4) New Orleans Jazz fest last year: I end up forgetting my small-change purse at one of the food vendors on the Fairgrounds. It contains a few coins... and a list of all my credit cards numbers and all my passwords to everything (from back accounts to online magazine subscriptions). Watch me run like hell back to the hotel, literally take over the computer room and spend the following two hours eating a fried mussles po' boy and changing and cancelling everything. Luckily the list was coded. And it didn't bear the credit cards' expiration dates. Still. Thank you Pookalu for answering my call and trying to calm the hell me down.

Now it's your turn. Top 3 stupid things. It can be shorter than this: and I said I wanted this post to be short? I should know myself better by now...

Thursday, April 20, 2006

experiencing the JH experience



Jimi Hendrix-Live in Berkeley, 2nd show

if you have good speakers you'll feel as if you were there, at the foot of the stage, with the students in dashikis and camisoles waving flags and flashing ... lights all around you

he plays jazz! At the core, it's blues, and you know what descends from blues right? jazz

above all it's genius. the complexity of the arrangements surprised me. you know how evey now and then critics come up with lists of must-have recordings, the self-sufficient musical library upon which build our instruction in notes? well this is one of those - in my humble opinion

pair this with live "Inca roads" by Zappa. then light it up: it's gonna blow up right IN YOUR FACE.

Wednesday, April 19, 2006

1-800 ... and small change

Hopefully the last entry - in a while - on those two lovely scoundrels:

...As for the group's name — a hip-hop-ization of former NBA star Charles Barkley — suffice to say it's equal parts declaration of purpose and goofy humor.

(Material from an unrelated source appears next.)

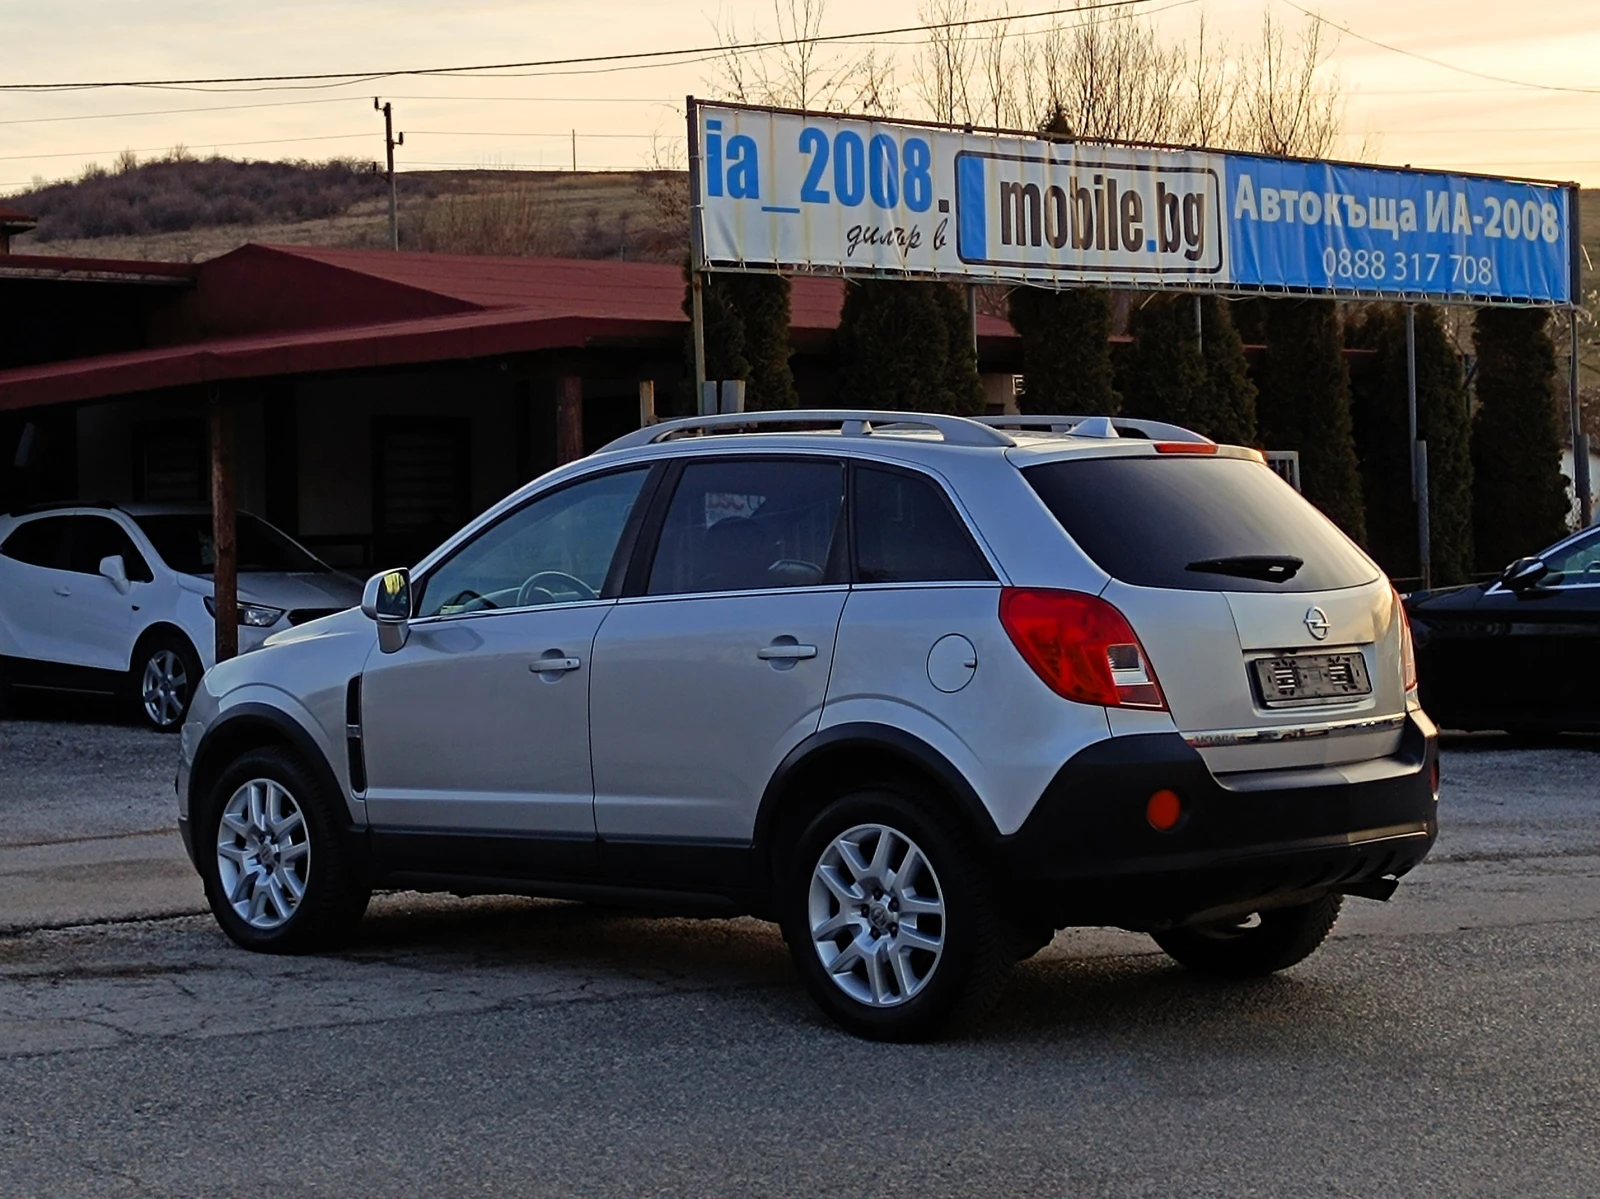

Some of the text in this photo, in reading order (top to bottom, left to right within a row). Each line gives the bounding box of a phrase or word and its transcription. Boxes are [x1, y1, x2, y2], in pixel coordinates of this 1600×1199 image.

[1000, 174, 1205, 261] mobile.bg
[1234, 173, 1559, 243] Автокъща ИА-2008
[1322, 247, 1492, 285] 0888 317 708

"We were looking for a name that sounds like its own genre," Burton said, seated near a mixing board at a Burbank recording studio where he was producing tracks for New York dancerock group the Rapture. "A perfect example is when I heard of [electronica musician] Aphex Twin. It could describe a sound. And there was just something familiar about Gnarls Barkley...

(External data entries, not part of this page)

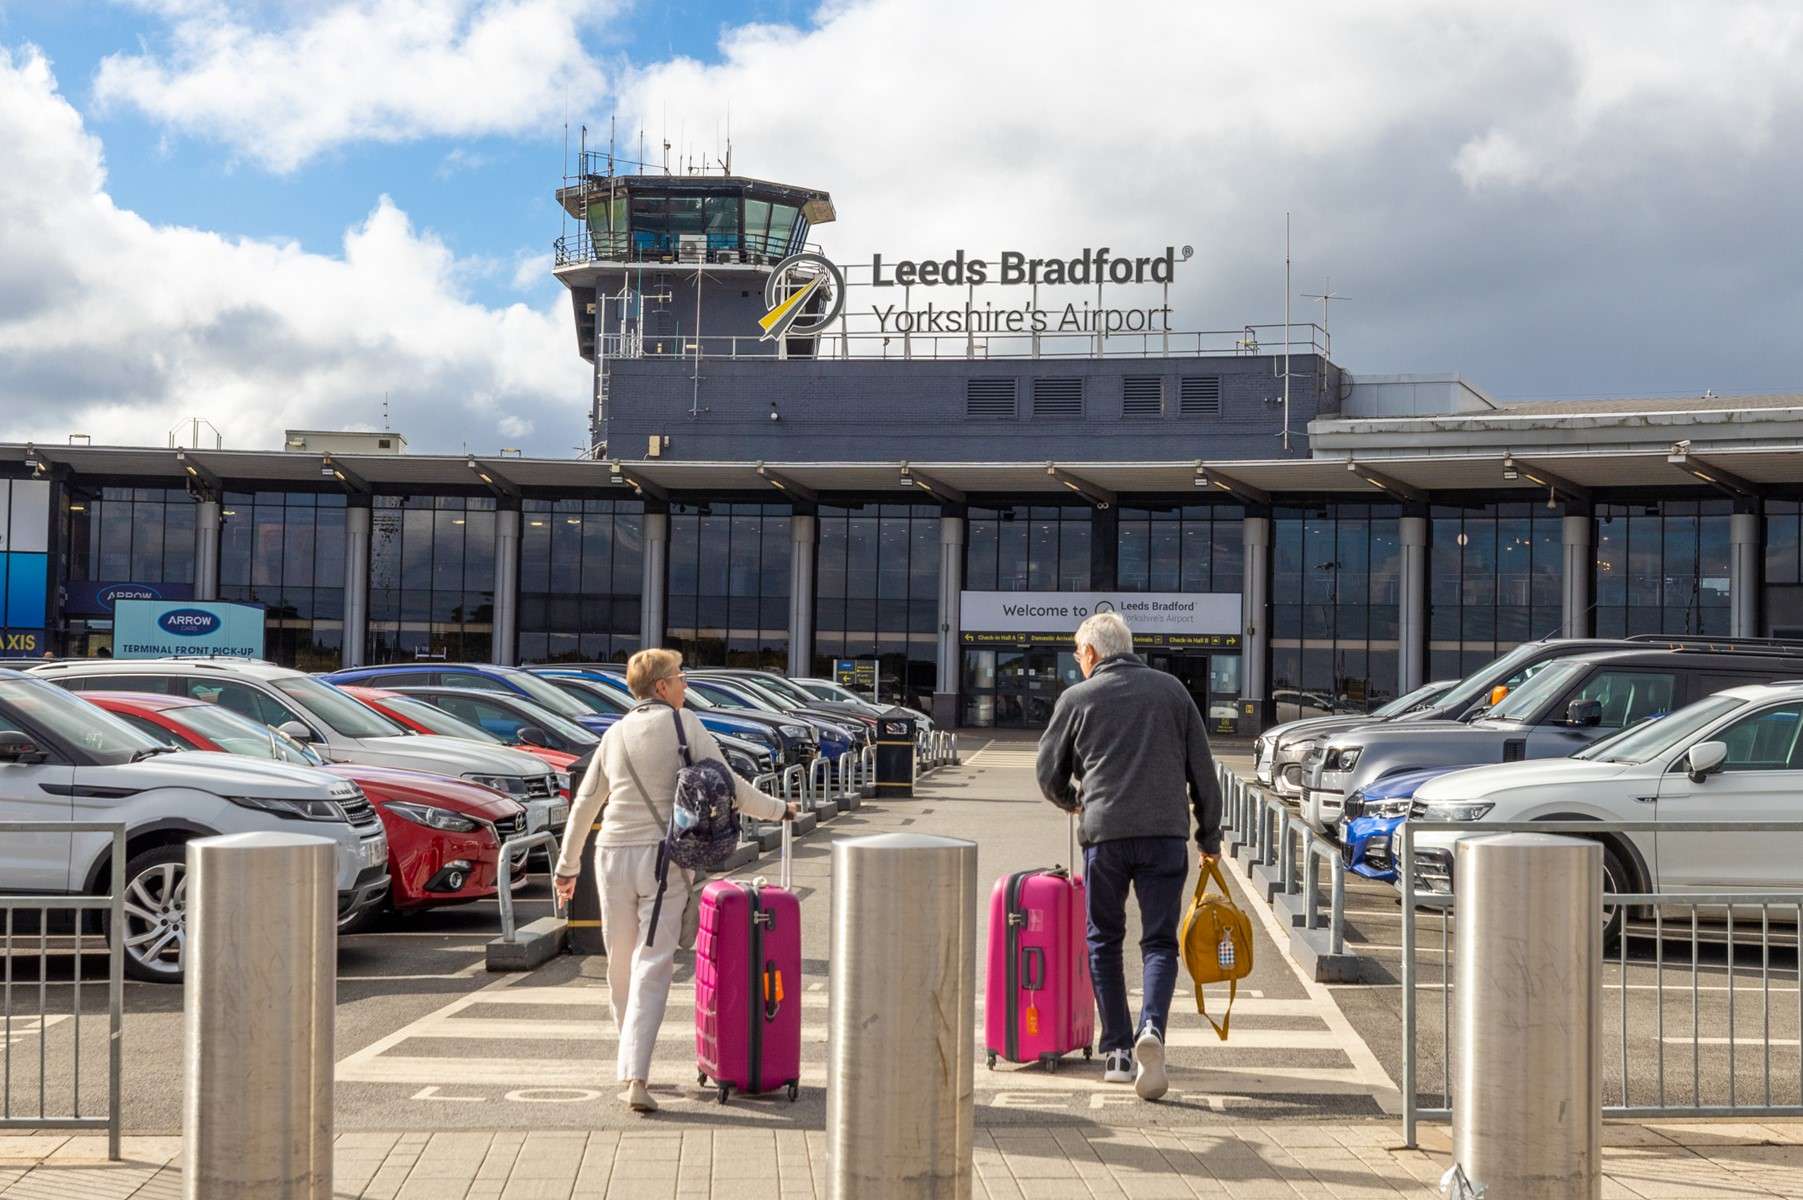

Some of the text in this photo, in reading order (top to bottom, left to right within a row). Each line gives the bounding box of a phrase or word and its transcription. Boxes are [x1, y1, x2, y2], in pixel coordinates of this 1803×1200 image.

[872, 249, 987, 287] Leeds
[872, 301, 1173, 340] Yorkshire's Airport
[1002, 604, 1088, 617] Welcome to
[1120, 601, 1194, 611] Leeds Bradford
[168, 615, 211, 625] ARROW
[1166, 613, 1194, 624] Airport
[123, 644, 254, 656] TERMINAL FRONT PICK-UP

Burton being Danger Mouse's real name, excerpt being from Chris Lee's article for the LATimes, March 24, 2006.

---

And now, a little, educational TV digest (I've been home working on an MTV story. Clearly, working)

1)What's up with the McDonalds commercial where the two guys talk about all the stuff you can get for *FREE* off the dollar menu and the *FREE* gets bleeped cuz it's so cheap it's outrageous: the bleep is gone. G-O-N-E. Please tell me it was designed to happen, like one of those teaser ads that only show you a piece of "could-be-anything" and after 12 months uncover... a new food processor, WOW. Please, tell me that's the reason and not, NOT that some moron of a censor found it to be inappropriate, the bleep over the mouthing of a word starting with "f", Lord fobid it could have been "fuck".

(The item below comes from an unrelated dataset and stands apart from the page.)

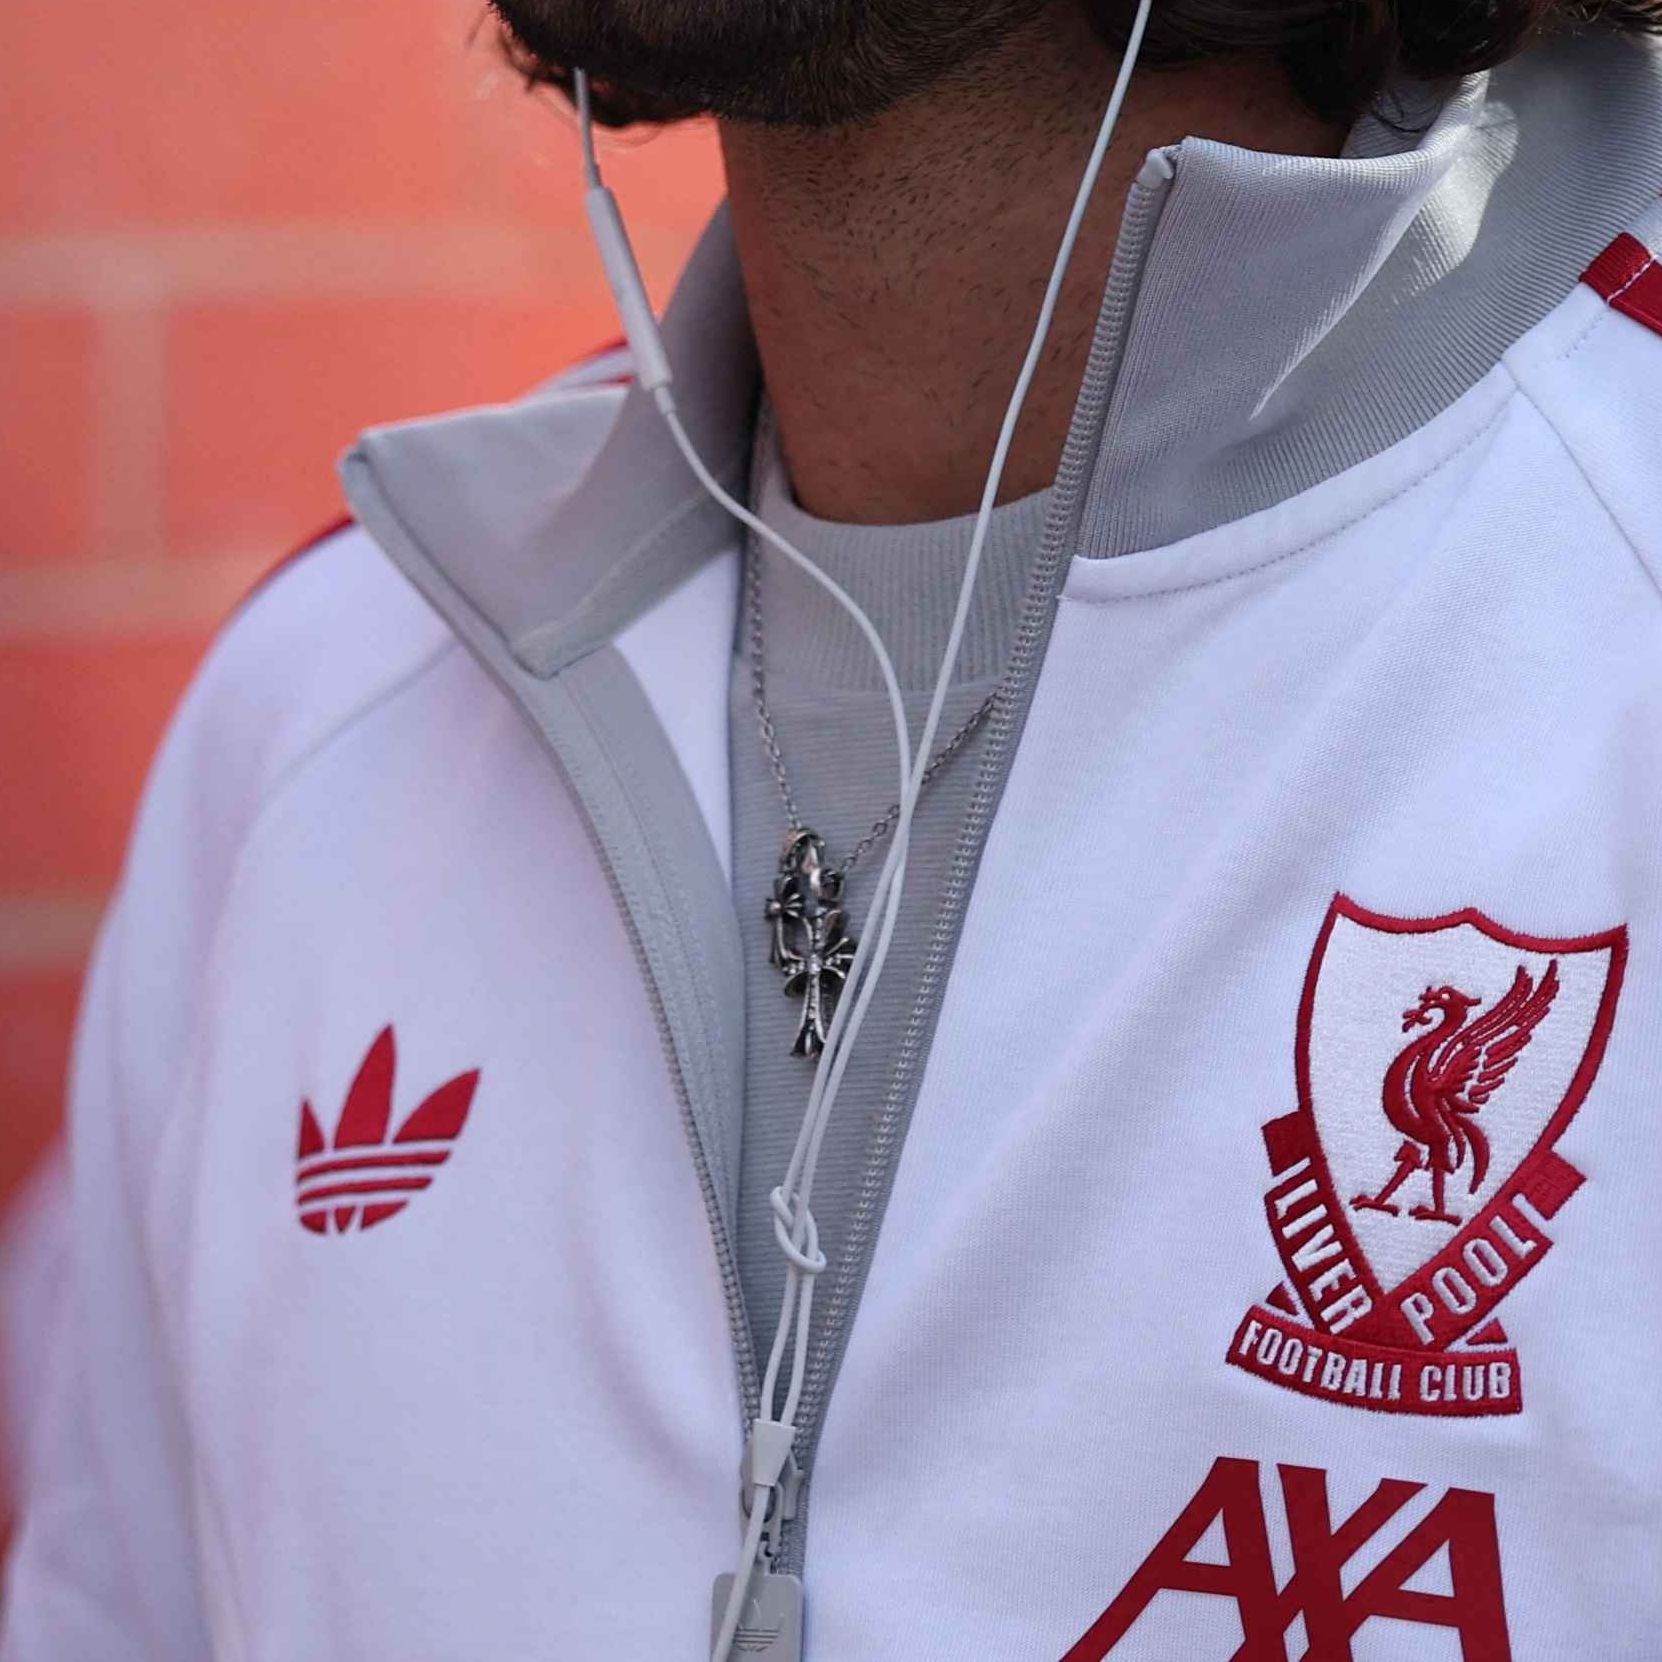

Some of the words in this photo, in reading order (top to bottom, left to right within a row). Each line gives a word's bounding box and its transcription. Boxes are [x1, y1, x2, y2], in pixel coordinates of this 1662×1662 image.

2)By any means necessary... really, by any ANY means? Tonight's episode of Bones (umpteenth CSI copycat, this time she is a forensic anthropologist and deals with ... c'mon guess ... yup, bones. Her partner in crime is Boreanz, aka Buffy's Angel. Why do I watch it? It smells vaguely like CSI plus I always had a thing for Angel. I love dark sides) was set in New Orleans, post-Katrina. Matter of fact, the whole episode had to do with body-recovery in NOLA. What is wrong with that?
I won't even get into whether it's morally objectable that they should show and discuss wound and decomposition patterns on the Joe and Jane Does left behind by the hurricane - families and friends could have been watching. I guess this goes on a par with the movie United 93 and this is not the place nor the time to discuss it. But I will say that the very first time I saw the United 93 trailer the whole theater fell silent, the woman sitting next to me started sobbing and eventually said "They shouldn't make people watch this".
Back to Bones. I do appreciate the intention, the fact that the production chose NOLA as a location in the attempt, I like to presume, not to exploit people's curiosity rather to reboost local economy. BUT was it necessary to do so perpetrating the same old trite frankly insulting cliches? Naturally, there's a lot of voodoo talk, ALL the local police force is corrupted, everybody calls everybody "cherie" and everywhere you sit and eat, you can bet there's a saxophonist playing in the background and some fedora-donning cats sashaying around him.
Our two heroes appropriately provide the American Red Cross 1-800-help-now number at the end of the episode. Still doesn't make me feel better.
New Orleans has my heart


(New Orleans May 2005)

Monday, April 17, 2006

P.S.

Now all this raving about "Crazy"... I'm afraid there may have been a misunderstanding here: that is NOT my favourite track from the album (Gnarls Barkley's St. Elsewhere).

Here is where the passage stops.